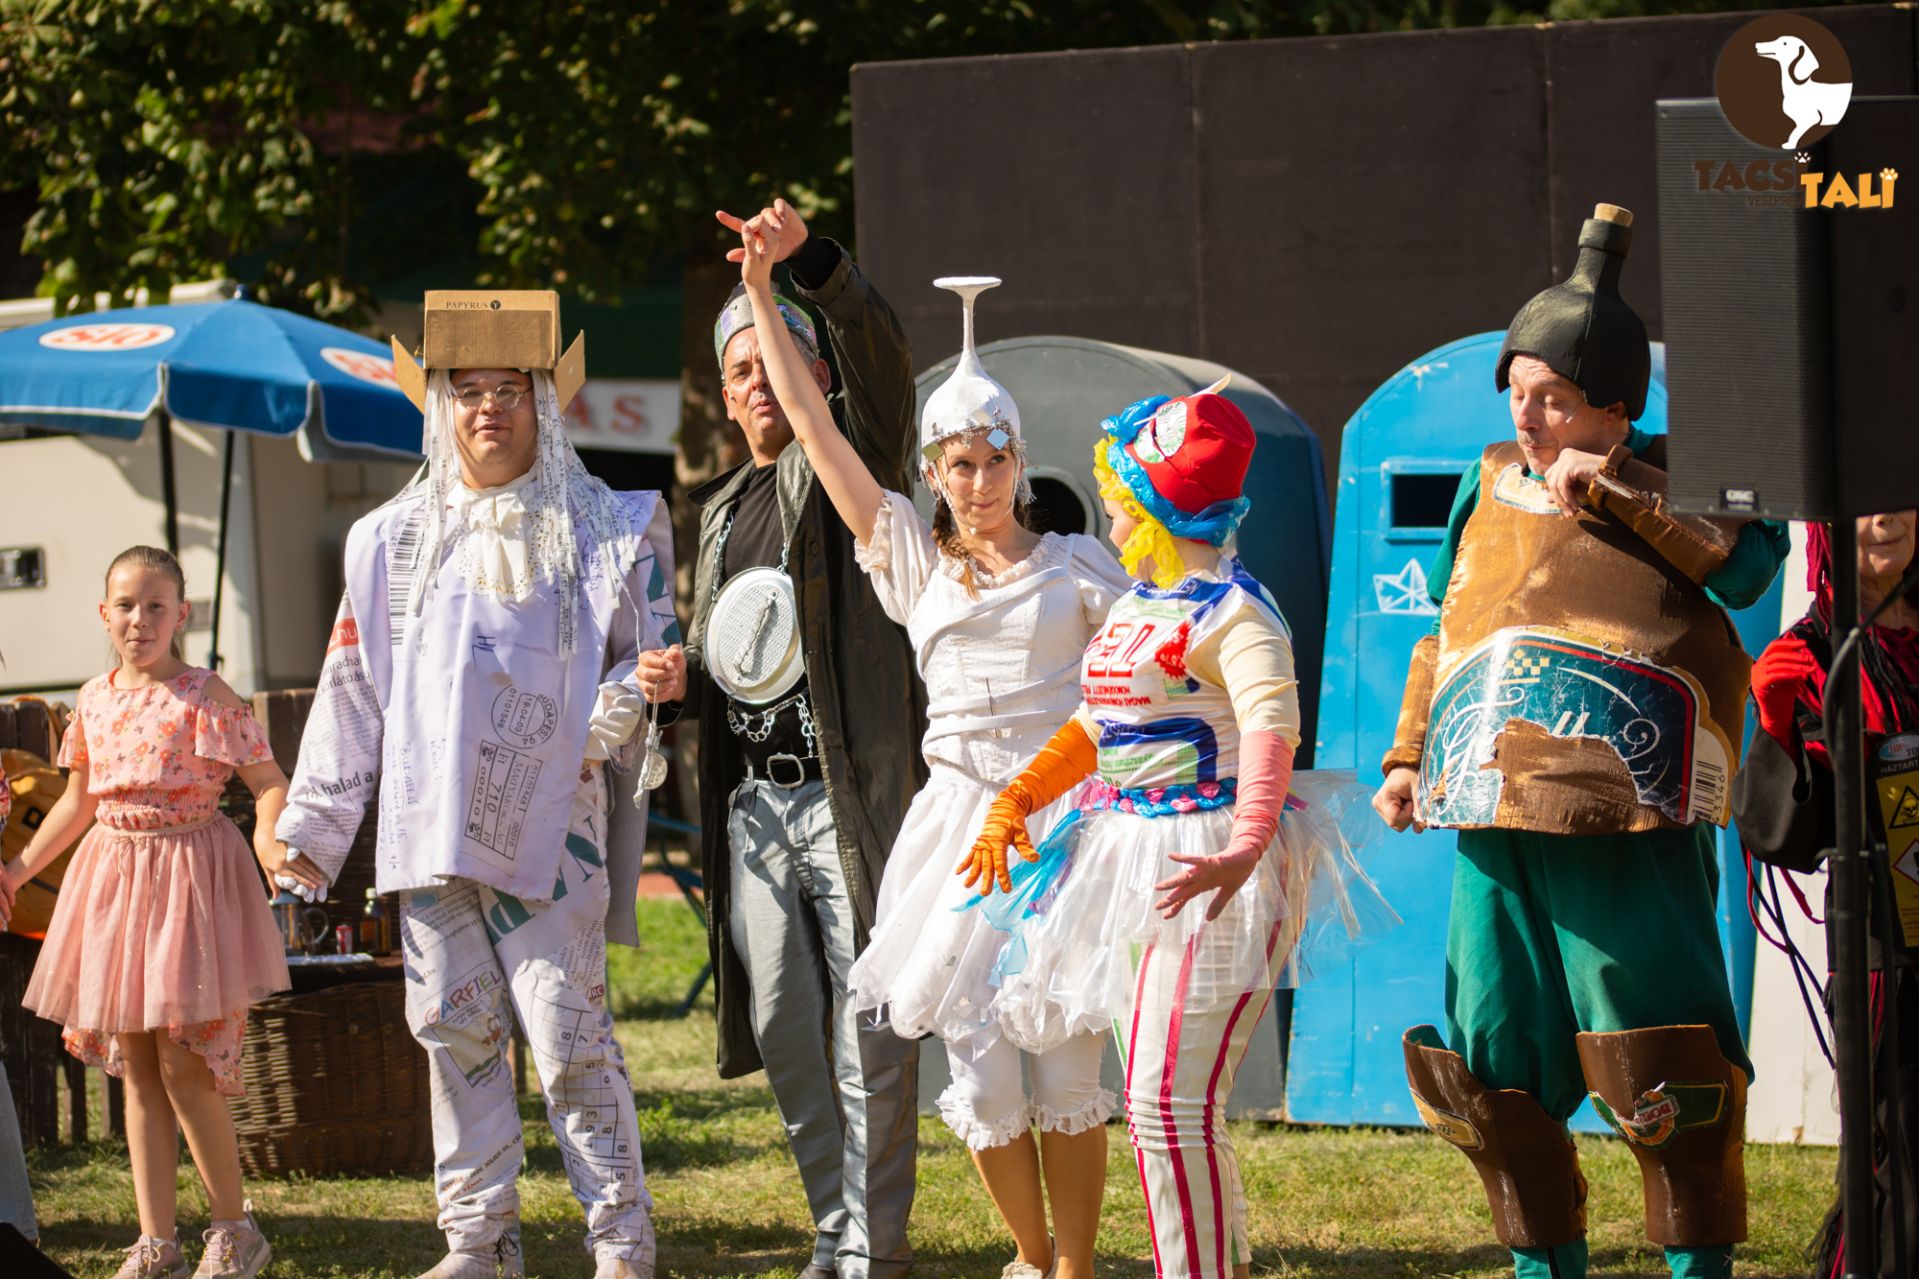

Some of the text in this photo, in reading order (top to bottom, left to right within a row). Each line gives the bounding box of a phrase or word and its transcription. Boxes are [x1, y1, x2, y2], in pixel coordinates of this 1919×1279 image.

[445, 301, 489, 309] PAPYRUS
[320, 770, 362, 797] halad
[364, 771, 375, 784] a
[487, 781, 502, 813] 710

▸ Work required: Print every record above exactly as written, leaving out the pictures.

▸ Answer to this exercise:
Some of the text in this photo, in reading order (top to bottom, left to right within a row). Each line gives the bounding box of a phrase or word and its transcription. Boxes are [x1, y1, x2, y2], in pixel coordinates of this 1919×1279 image.

[445, 301, 489, 309] PAPYRUS
[320, 770, 362, 797] halad
[364, 771, 375, 784] a
[487, 781, 502, 813] 710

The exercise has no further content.